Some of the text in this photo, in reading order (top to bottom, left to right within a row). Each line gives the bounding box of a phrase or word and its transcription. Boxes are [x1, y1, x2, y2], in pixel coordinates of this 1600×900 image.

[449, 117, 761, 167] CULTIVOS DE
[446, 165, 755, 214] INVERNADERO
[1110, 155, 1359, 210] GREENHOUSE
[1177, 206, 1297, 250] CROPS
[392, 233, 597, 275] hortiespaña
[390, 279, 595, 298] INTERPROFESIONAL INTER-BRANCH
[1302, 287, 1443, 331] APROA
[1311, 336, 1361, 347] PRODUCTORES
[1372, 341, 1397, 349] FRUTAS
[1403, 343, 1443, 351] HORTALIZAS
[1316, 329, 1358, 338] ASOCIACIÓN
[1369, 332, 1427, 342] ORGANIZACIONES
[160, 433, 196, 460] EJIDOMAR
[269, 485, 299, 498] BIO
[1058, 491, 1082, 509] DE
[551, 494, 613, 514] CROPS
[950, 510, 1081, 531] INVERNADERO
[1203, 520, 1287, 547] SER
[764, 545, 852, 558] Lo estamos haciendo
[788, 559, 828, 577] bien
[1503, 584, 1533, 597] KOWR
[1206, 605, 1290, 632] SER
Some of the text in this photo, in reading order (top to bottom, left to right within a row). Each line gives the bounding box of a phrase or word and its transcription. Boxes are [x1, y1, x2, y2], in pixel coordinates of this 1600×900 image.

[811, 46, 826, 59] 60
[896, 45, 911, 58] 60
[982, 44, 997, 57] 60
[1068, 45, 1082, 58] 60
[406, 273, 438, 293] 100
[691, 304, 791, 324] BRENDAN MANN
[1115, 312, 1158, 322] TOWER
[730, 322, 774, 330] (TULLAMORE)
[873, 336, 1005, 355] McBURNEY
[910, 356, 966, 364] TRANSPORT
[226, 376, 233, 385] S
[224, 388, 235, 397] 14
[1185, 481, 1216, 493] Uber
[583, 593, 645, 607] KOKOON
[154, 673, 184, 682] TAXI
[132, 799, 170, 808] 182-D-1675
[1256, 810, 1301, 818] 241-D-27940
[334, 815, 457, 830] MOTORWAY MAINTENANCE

__Your instructions__. All of the data above should be reproduced verbatim.

__Expected output__.
Some of the text in this photo, in reading order (top to bottom, left to right within a row). Each line gives the bounding box of a phrase or word and its transcription. Boxes are [x1, y1, x2, y2], in pixel coordinates of this 1600×900 image.

[449, 117, 761, 167] CULTIVOS DE
[446, 165, 755, 214] INVERNADERO
[1110, 155, 1359, 210] GREENHOUSE
[1177, 206, 1297, 250] CROPS
[392, 233, 597, 275] hortiespaña
[390, 279, 595, 298] INTERPROFESIONAL INTER-BRANCH
[1302, 287, 1443, 331] APROA
[1311, 336, 1361, 347] PRODUCTORES
[1372, 341, 1397, 349] FRUTAS
[1403, 343, 1443, 351] HORTALIZAS
[1316, 329, 1358, 338] ASOCIACIÓN
[1369, 332, 1427, 342] ORGANIZACIONES
[160, 433, 196, 460] EJIDOMAR
[269, 485, 299, 498] BIO
[1058, 491, 1082, 509] DE
[551, 494, 613, 514] CROPS
[950, 510, 1081, 531] INVERNADERO
[1203, 520, 1287, 547] SER
[764, 545, 852, 558] Lo estamos haciendo
[788, 559, 828, 577] bien
[1503, 584, 1533, 597] KOWR
[1206, 605, 1290, 632] SER
Some of the text in this photo, in reading order (top to bottom, left to right within a row). Each line gives the bounding box of a phrase or word and its transcription. Boxes are [x1, y1, x2, y2], in pixel coordinates of this 1600×900 image.

[811, 46, 826, 59] 60
[896, 45, 911, 58] 60
[982, 44, 997, 57] 60
[1068, 45, 1082, 58] 60
[406, 273, 438, 293] 100
[691, 304, 791, 324] BRENDAN MANN
[1115, 312, 1158, 322] TOWER
[730, 322, 774, 330] (TULLAMORE)
[873, 336, 1005, 355] McBURNEY
[910, 356, 966, 364] TRANSPORT
[226, 376, 233, 385] S
[224, 388, 235, 397] 14
[1185, 481, 1216, 493] Uber
[583, 593, 645, 607] KOKOON
[154, 673, 184, 682] TAXI
[132, 799, 170, 808] 182-D-1675
[1256, 810, 1301, 818] 241-D-27940
[334, 815, 457, 830] MOTORWAY MAINTENANCE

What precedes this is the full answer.